Since no one knows how legalization is going to play out, I wish there was more discussion about taking an incremental approach to cannabis reform. Jumping from prohibition to a for-profit model is a risky approach that will be very difficult to reverse. It seems reasonable that cautious jurisdictions would explore middle-ground options and see how they work before committing to commercialization based on the U.S. alcohol model. Indeed, jurisdictions could pass a middle-ground option with a sunset clause which would give them the opportunity after a set amount of time to pass a law to either continue with that alternative or try something else.
Co-director of the RAND Drug Policy Research Center and coauthor of the recently revised book Marijuana Legalization: What Everyone Needs to Know.
Cannabis policy: reform and race
What has been the actual effect of marijuana reforms on racial disparities in the criminal justice system?
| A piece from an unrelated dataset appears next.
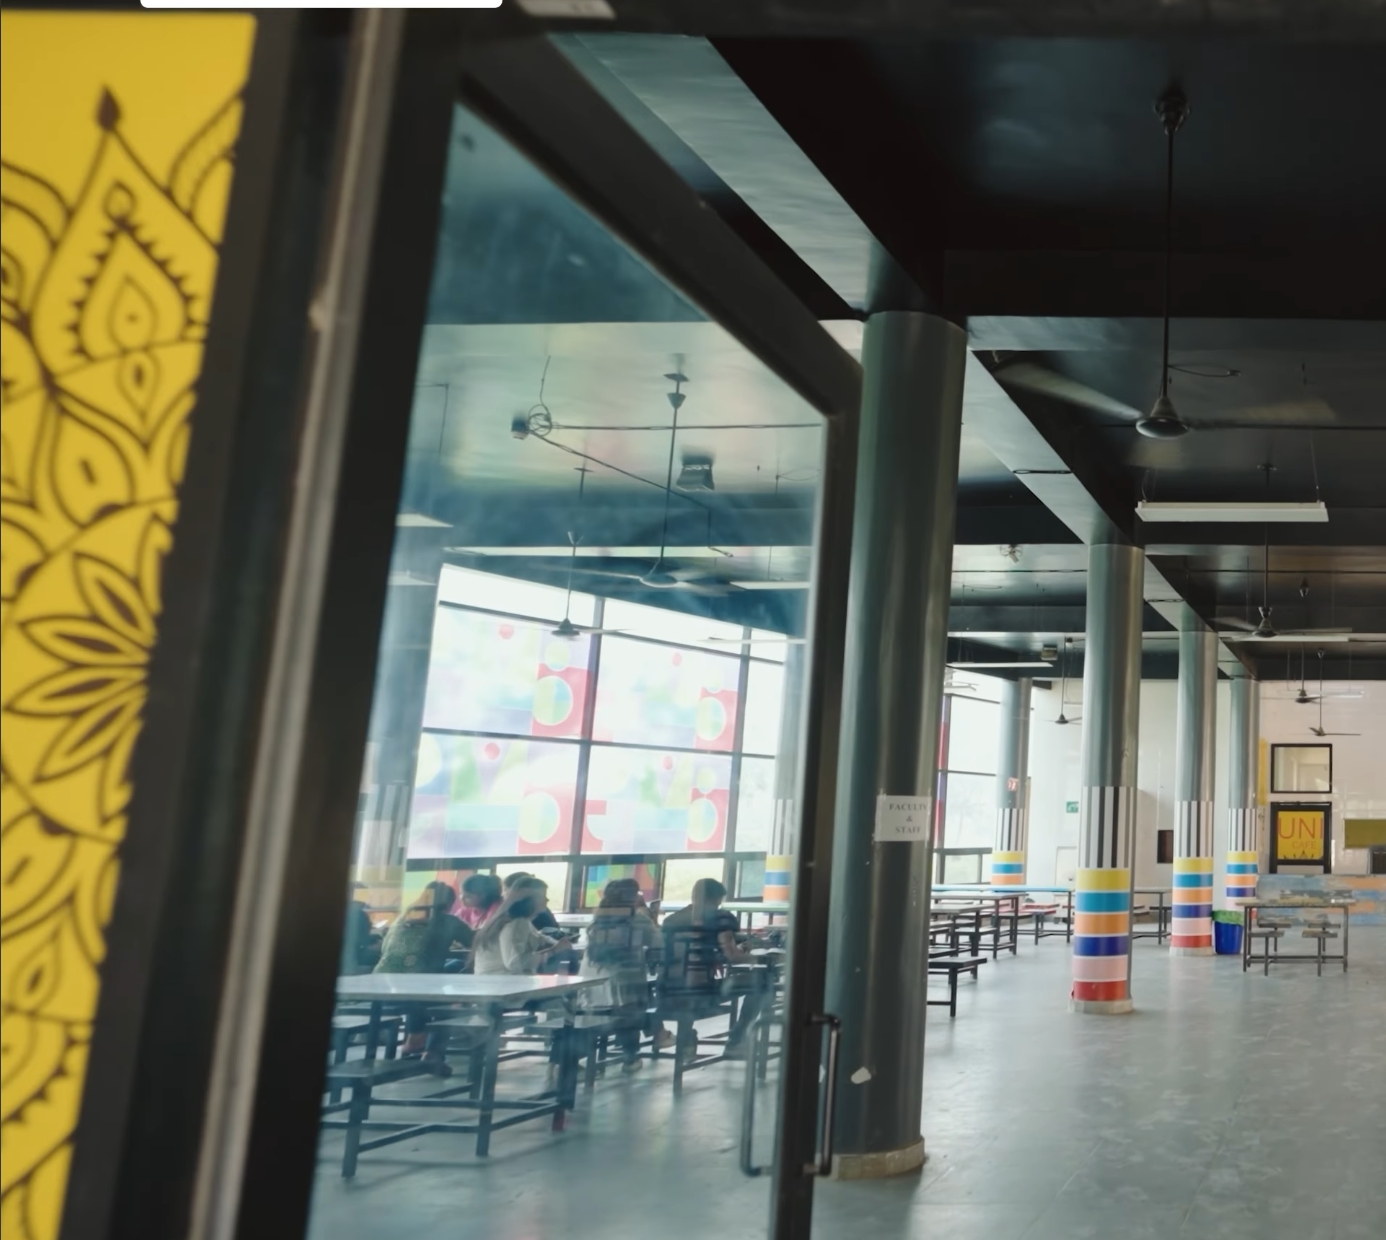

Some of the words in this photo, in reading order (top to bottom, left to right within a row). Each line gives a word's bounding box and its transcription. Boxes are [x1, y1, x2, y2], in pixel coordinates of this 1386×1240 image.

[889, 803, 927, 811] FACULTY
[895, 826, 920, 834] STAFF
[1278, 817, 1323, 839] UNI
Racial minorities are arrested and imprisoned at higher rates than are whites, and these disparities are commonly attributed at least in part to the nation’s strict drug laws. Because marijuana is involved in a large share of criminal cases, many proponents of marijuana reform have suggested that legalizing the drug will lessen racial disparities.
But what has actually happened in the wake of marijuana reforms? Have reforms reduced the total number of people being arrested or imprisoned? And more to the point, have reforms narrowed the racial disparities in arrest and imprisonment rates? It is possible, after all, that police have found other crimes to charge now that they can no longer arrest individuals for (some) marijuana offenses—there is certainly no shortage of petty to serious offenses that remain on the law books and which are commonly violated. In other words, marijuana reforms may do no more than alter the names of the crimes being cited for arrest and imprisonment, but may not necessarily reduce the overall number of arrests and imprisonments. It’s a gloomy thought, I know, but it may prove naïve to expect marijuana legalization to reduce racial disparities, at least without also reforming other aspects of the criminal justice system (e.g., police training).
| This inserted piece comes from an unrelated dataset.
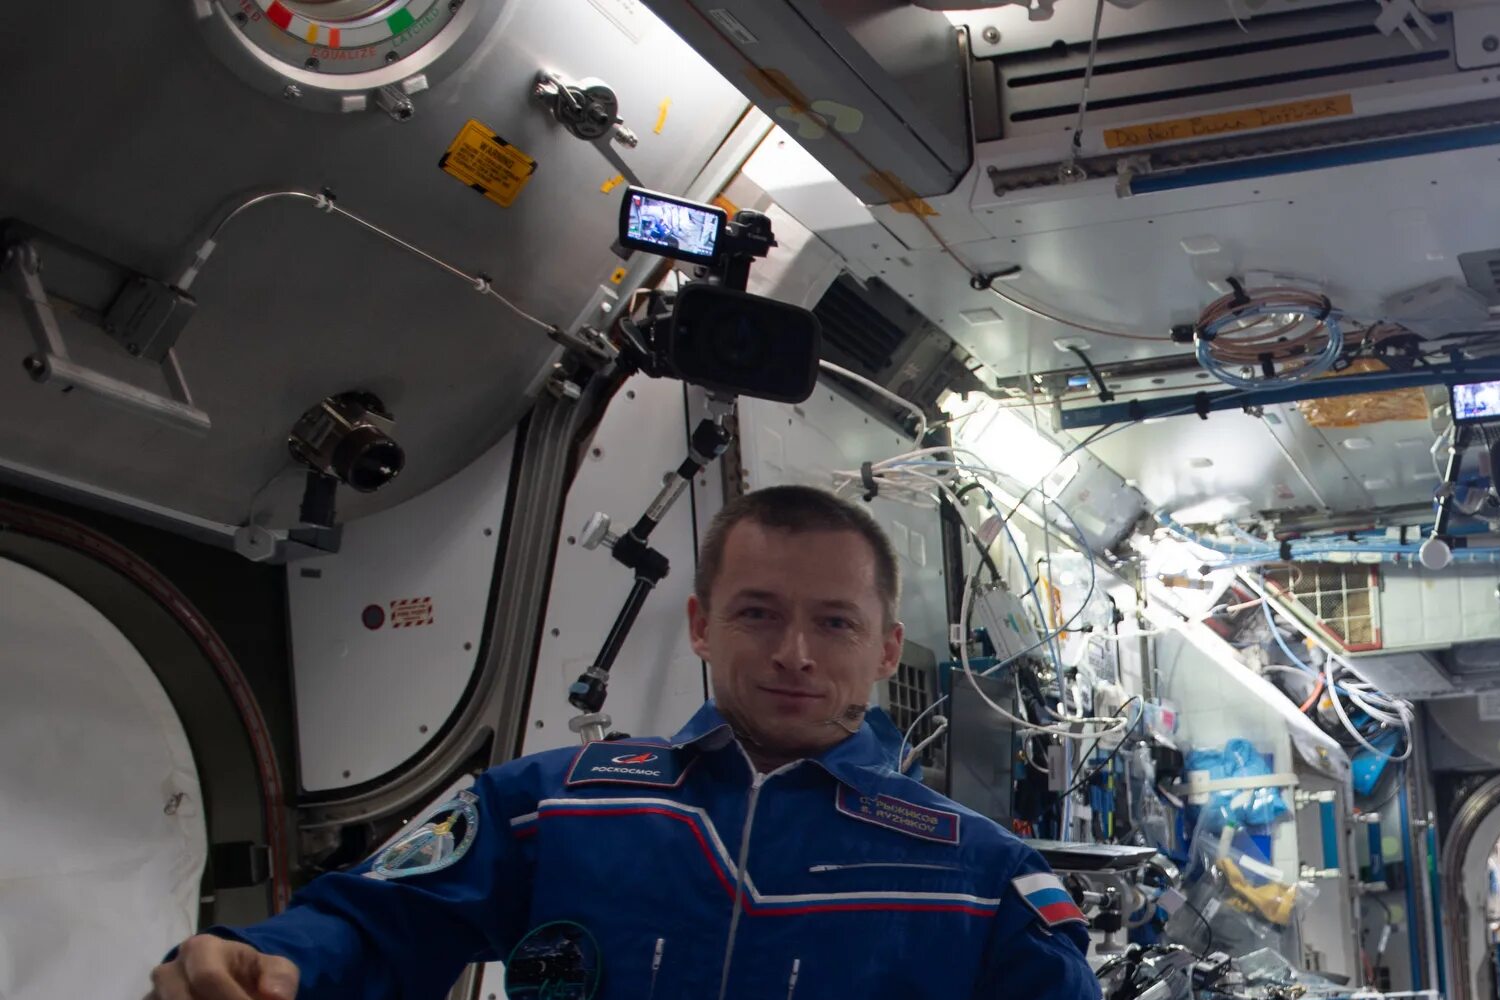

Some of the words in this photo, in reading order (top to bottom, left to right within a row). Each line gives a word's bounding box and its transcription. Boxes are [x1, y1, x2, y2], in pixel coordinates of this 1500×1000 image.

[391, 7, 440, 47] LATCHED
[311, 47, 378, 61] EQUALIZE
[591, 766, 661, 777] РОСКОСМОС
[876, 810, 936, 833] RYZHIKOV
We are already more than three years into the bold experiment that Colorado and Washington state launched (and roughly 20 years into the medical marijuana experiment that California launched), but we are still largely ignorant of the actual impacts these reforms have had on the criminal justice system. My hope is that will soon change – that researchers will tackle this important issue—and that the optimistic forecasts surrounding reforms will prove well founded.
Robert A. Mikos, Professor of Law, is the author of many scholarly articles and a forthcoming textbook analyzing marijuana law and policy.
Government guardrails to improve marijuana policy
On marijuana, everyone wants to talk about states’ rights—but they should be talking about federal guardrails. Without federal oversight, there would be no way to ensure legalizing states take into consideration important federal interests, like drug-free kids and roads. Not all state laws are equal, and the federal government should be able to distinguish, for example, between the 6 states that currently have open container laws prohibiting all marijuana consumption in cars and the 17 that don’t. Politically speaking, “states’ rights” is a non-starter message for most Democrats, and for the sizable “marijuana middle,” it’s a completely hands-off approach that goes too far.
Instead, Congress should establish federal guardrails by passing a safe haven law allowing states with effective regulatory systems to get a waiver from federal prohibition. In those states, market participants could operate without fear of prosecution, banks could serve marijuana businesses, and state governments would be free of preemption threats. States are the laboratories of democracy on marijuana—but they shouldn’t have to do it blind. We should use what we know about laws that are working (and those that aren’t) to guide states in the right direction and ensure legalization proceeds as safely and successfully as possible.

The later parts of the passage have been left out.